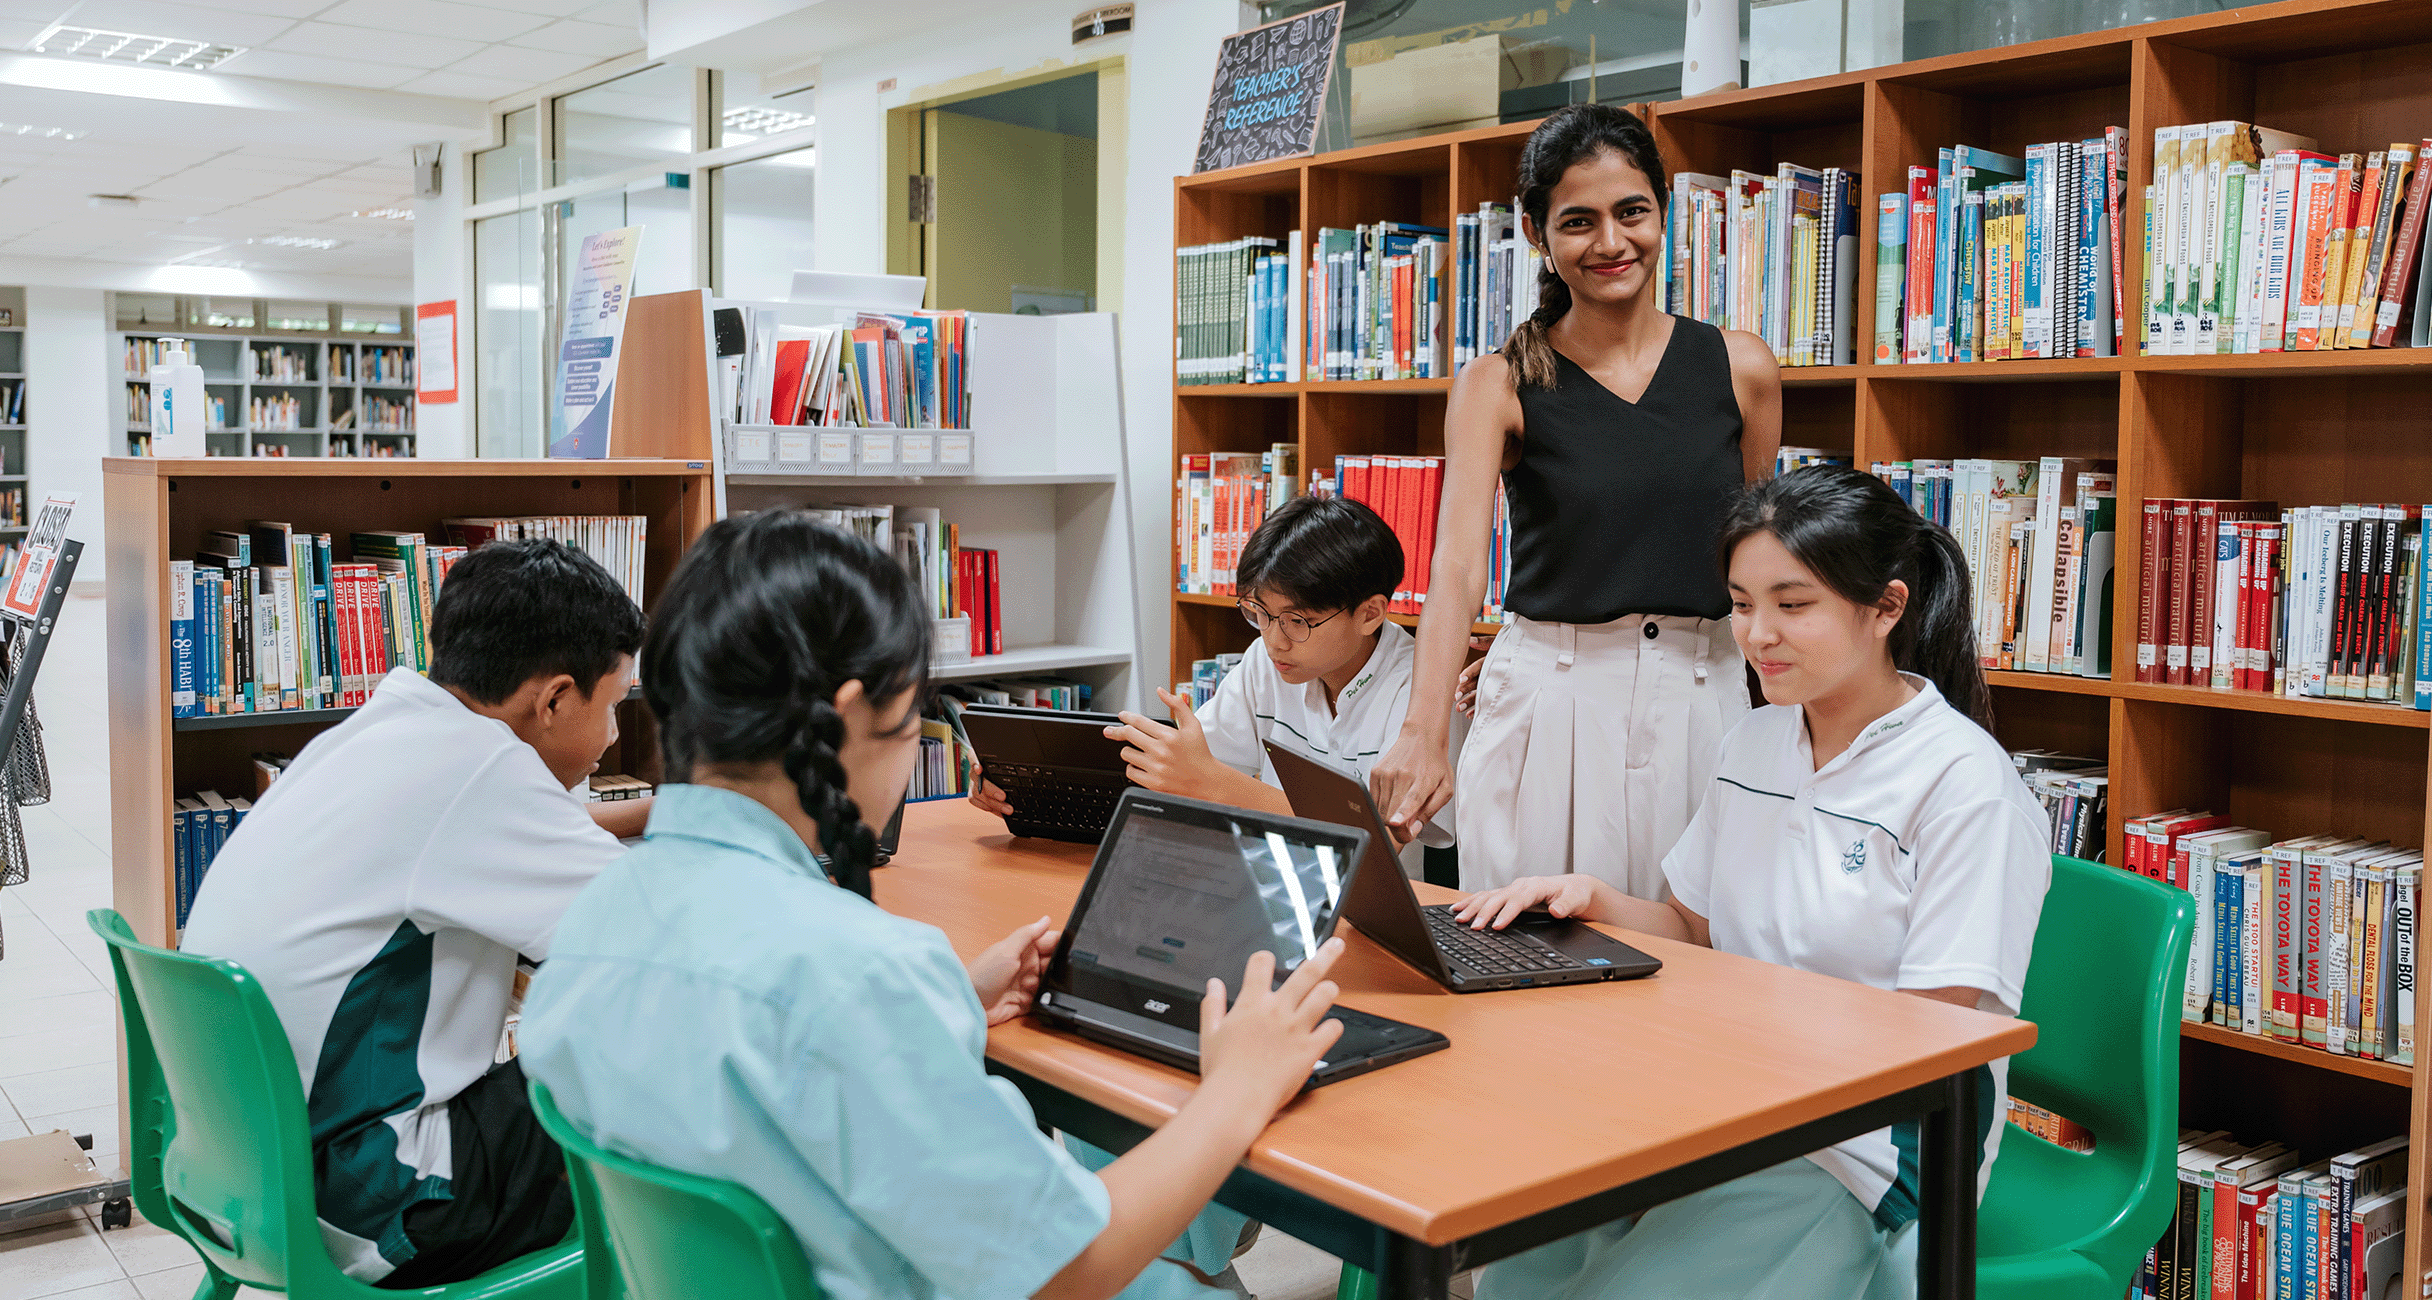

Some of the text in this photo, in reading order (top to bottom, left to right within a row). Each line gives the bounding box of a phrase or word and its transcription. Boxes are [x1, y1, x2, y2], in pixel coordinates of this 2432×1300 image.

[1233, 62, 1303, 101] TEACHER'S
[1224, 90, 1304, 131] REFERENCE
[2031, 164, 2042, 287] Physical Education for Children
[2156, 203, 2164, 240] ENCYCLOPEDIA
[2181, 203, 2189, 239] ENCYCLOPEDIA
[2207, 201, 2215, 238] ENCYCLOPEDIA
[2268, 190, 2289, 299] ALL KIDS ARE OUR KIDS
[2313, 238, 2321, 284] BRINGING
[2077, 246, 2090, 321] CHEMISTRY
[2089, 245, 2098, 293] World of
[2142, 295, 2150, 327] Cooper
[2143, 540, 2152, 594] artificial
[2173, 541, 2183, 592] artificial
[2220, 540, 2228, 558] CATS
[2240, 538, 2249, 588] MANAGING UP
[2259, 540, 2269, 591] MANAGING UP
[2341, 522, 2352, 572] EXECUTION
[2360, 523, 2373, 573] EXECUTION
[2383, 523, 2396, 574] EXECUTION
[2053, 520, 2073, 623] Collapsible
[2197, 542, 2207, 593] artificial
[2254, 579, 2260, 590] UP
[2317, 529, 2330, 615] Our Iceberg Is Melting
[2340, 573, 2348, 597] BOSSIDY
[2359, 574, 2368, 598] BOSSIDY
[2382, 574, 2390, 599] BOSSIDY
[279, 580, 291, 662] HONOR YOUR ANGER
[2067, 603, 2075, 638] PRODUCTS
[173, 638, 192, 659] 8th
[2078, 803, 2088, 839] Physical
[2251, 923, 2259, 945] $100
[2277, 861, 2291, 988] THE TOYOTA WAY
[2307, 865, 2321, 993] THE TOYOTA WAY
[2397, 885, 2413, 993] agel OUT of the BOX
[2189, 958, 2197, 982] Robert
[2363, 923, 2376, 1018] DENTAL FLOSS FOR THE MIND
[1144, 999, 1171, 1014] acer
[2201, 1226, 2209, 1237] big
[2281, 1198, 2292, 1229] BLUE
[2306, 1202, 2317, 1233] BLUE
[2342, 1211, 2350, 1233] GAMES
[2242, 1221, 2250, 1252] Machine
[2280, 1232, 2292, 1273] OCEAN
[2305, 1236, 2317, 1276] OCEAN
[2320, 1250, 2328, 1262] big
[2329, 1185, 2339, 1292] EXTRA TRAINING GAMES
[2226, 1241, 2234, 1292] CULTIVATING
[2320, 1263, 2328, 1284] book
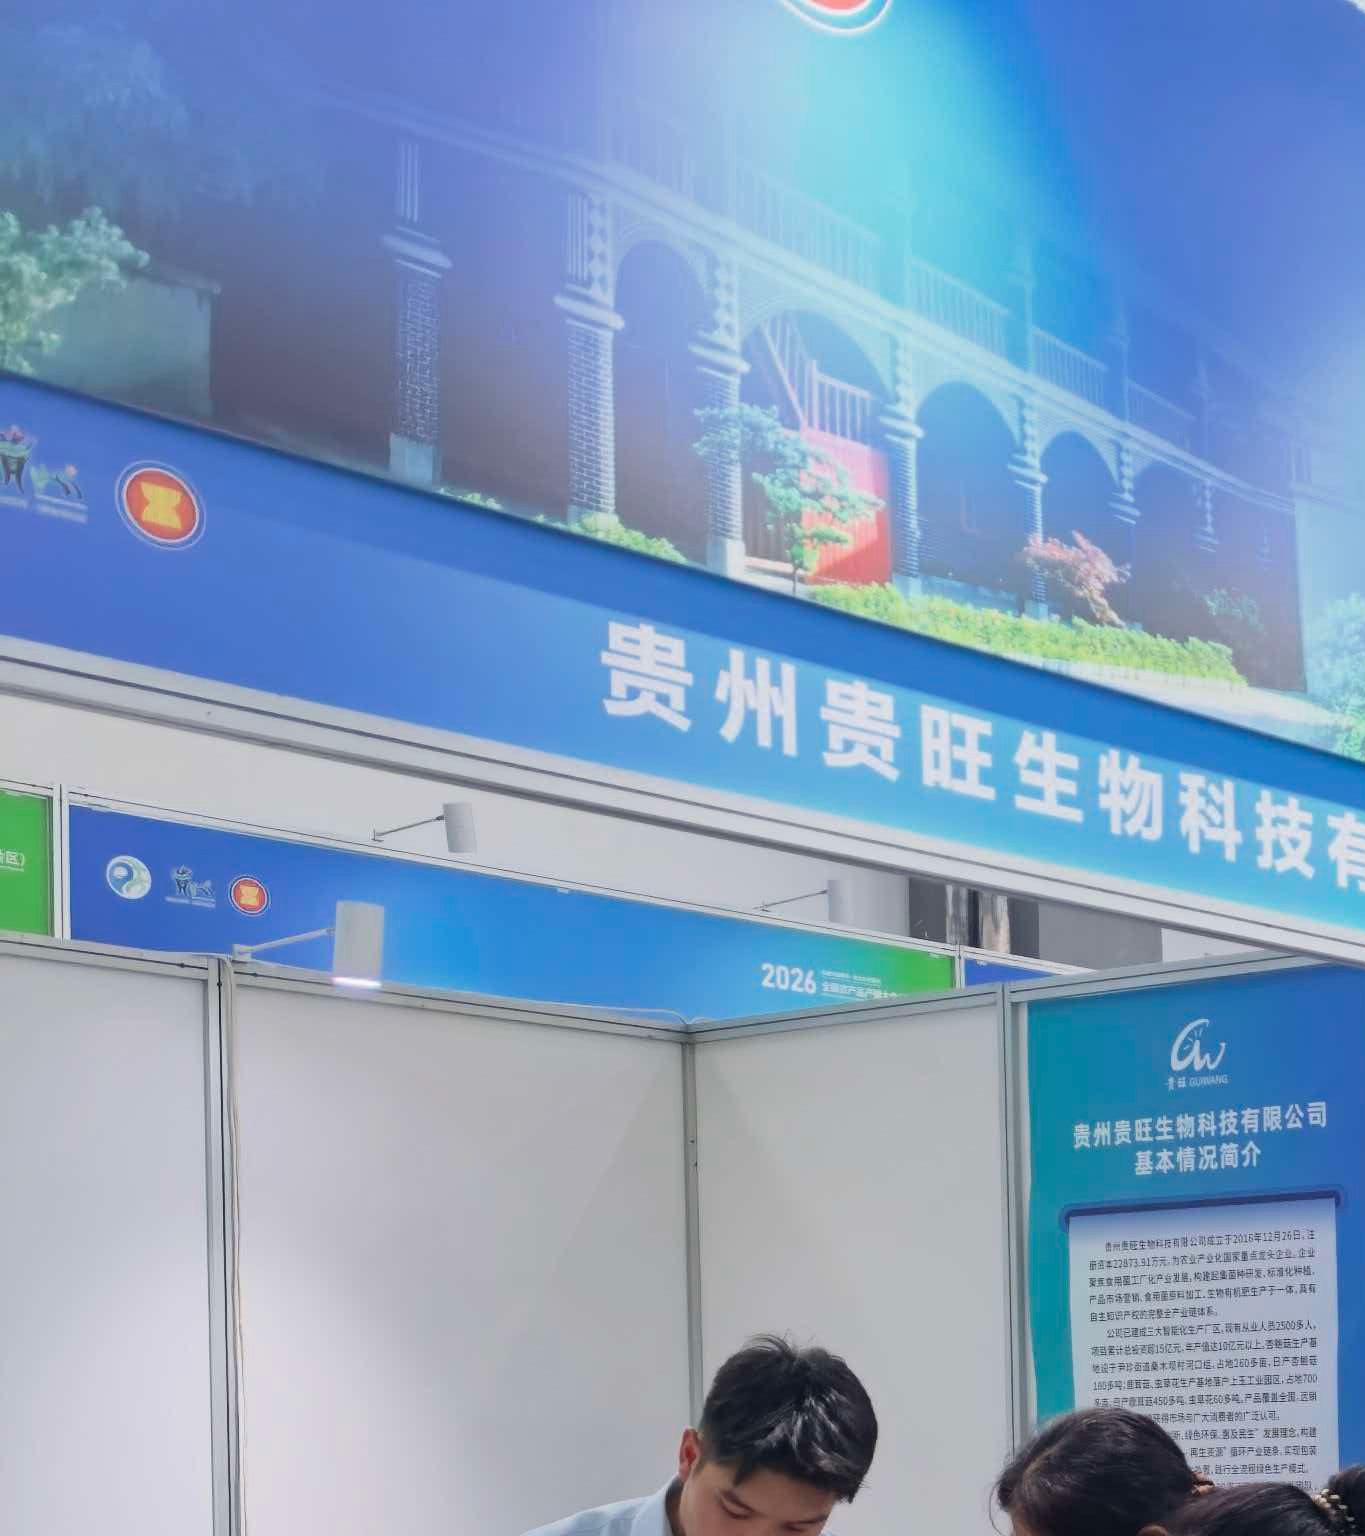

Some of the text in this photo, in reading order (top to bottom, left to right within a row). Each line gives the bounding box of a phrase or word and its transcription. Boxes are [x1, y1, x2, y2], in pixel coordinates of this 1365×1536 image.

[761, 962, 817, 995] 2026
[1072, 1101, 1327, 1150] 贵州贵旺生物科技有限公司
[1134, 1141, 1262, 1176] 基本情况简介
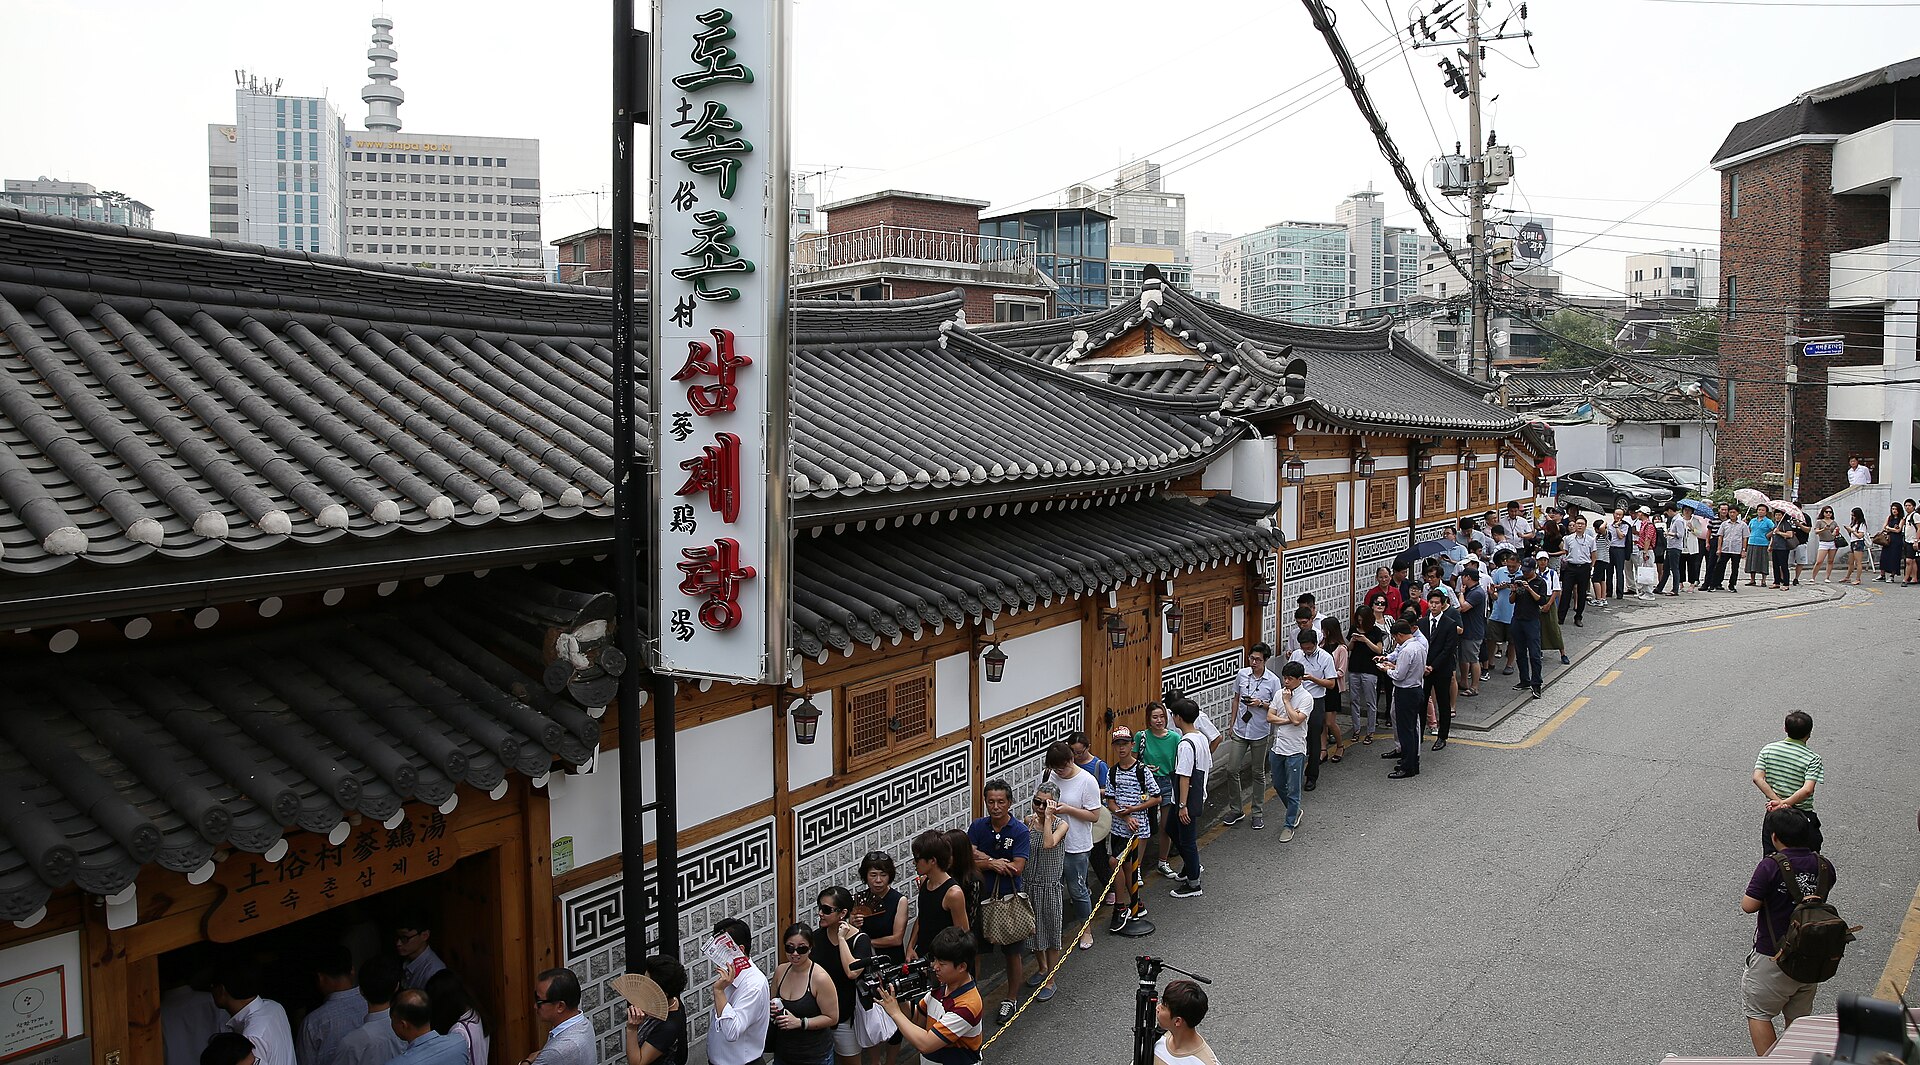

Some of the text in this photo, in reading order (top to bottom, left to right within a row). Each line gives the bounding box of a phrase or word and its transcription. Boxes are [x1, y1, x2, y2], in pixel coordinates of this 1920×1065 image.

########################################

What to do :: Leaving every picture aside, repeat the listing exactly.

Answer to the problem ::
Some of the text in this photo, in reading order (top to bottom, left to right within a row). Each line gives the bounding box of a phrase or word and its transcription. Boxes are [x1, y1, x2, y2], in pixel coordinates of this 2432×1300 image.

[1233, 62, 1303, 101] TEACHER'S
[1224, 90, 1304, 131] REFERENCE
[2031, 164, 2042, 287] Physical Education for Children
[2156, 203, 2164, 240] ENCYCLOPEDIA
[2181, 203, 2189, 239] ENCYCLOPEDIA
[2207, 201, 2215, 238] ENCYCLOPEDIA
[2268, 190, 2289, 299] ALL KIDS ARE OUR KIDS
[2313, 238, 2321, 284] BRINGING
[2077, 246, 2090, 321] CHEMISTRY
[2089, 245, 2098, 293] World of
[2142, 295, 2150, 327] Cooper
[2143, 540, 2152, 594] artificial
[2173, 541, 2183, 592] artificial
[2220, 540, 2228, 558] CATS
[2240, 538, 2249, 588] MANAGING UP
[2259, 540, 2269, 591] MANAGING UP
[2341, 522, 2352, 572] EXECUTION
[2360, 523, 2373, 573] EXECUTION
[2383, 523, 2396, 574] EXECUTION
[2053, 520, 2073, 623] Collapsible
[2197, 542, 2207, 593] artificial
[2254, 579, 2260, 590] UP
[2317, 529, 2330, 615] Our Iceberg Is Melting
[2340, 573, 2348, 597] BOSSIDY
[2359, 574, 2368, 598] BOSSIDY
[2382, 574, 2390, 599] BOSSIDY
[279, 580, 291, 662] HONOR YOUR ANGER
[2067, 603, 2075, 638] PRODUCTS
[173, 638, 192, 659] 8th
[2078, 803, 2088, 839] Physical
[2251, 923, 2259, 945] $100
[2277, 861, 2291, 988] THE TOYOTA WAY
[2307, 865, 2321, 993] THE TOYOTA WAY
[2397, 885, 2413, 993] agel OUT of the BOX
[2189, 958, 2197, 982] Robert
[2363, 923, 2376, 1018] DENTAL FLOSS FOR THE MIND
[1144, 999, 1171, 1014] acer
[2201, 1226, 2209, 1237] big
[2281, 1198, 2292, 1229] BLUE
[2306, 1202, 2317, 1233] BLUE
[2342, 1211, 2350, 1233] GAMES
[2242, 1221, 2250, 1252] Machine
[2280, 1232, 2292, 1273] OCEAN
[2305, 1236, 2317, 1276] OCEAN
[2320, 1250, 2328, 1262] big
[2329, 1185, 2339, 1292] EXTRA TRAINING GAMES
[2226, 1241, 2234, 1292] CULTIVATING
[2320, 1263, 2328, 1284] book

Some of the text in this photo, in reading order (top to bottom, left to right within a row). Each line gives the bounding box of a phrase or word and its transcription. Boxes are [x1, y1, x2, y2], in pixel coordinates of this 1365×1536 image.

[761, 962, 817, 995] 2026
[1072, 1101, 1327, 1150] 贵州贵旺生物科技有限公司
[1134, 1141, 1262, 1176] 基本情况简介

Some of the text in this photo, in reading order (top to bottom, left to right within a row). Each line gives the bounding box of a phrase or word and its transcription. Boxes are [x1, y1, x2, y2], in pixel coordinates of this 1920×1065 image.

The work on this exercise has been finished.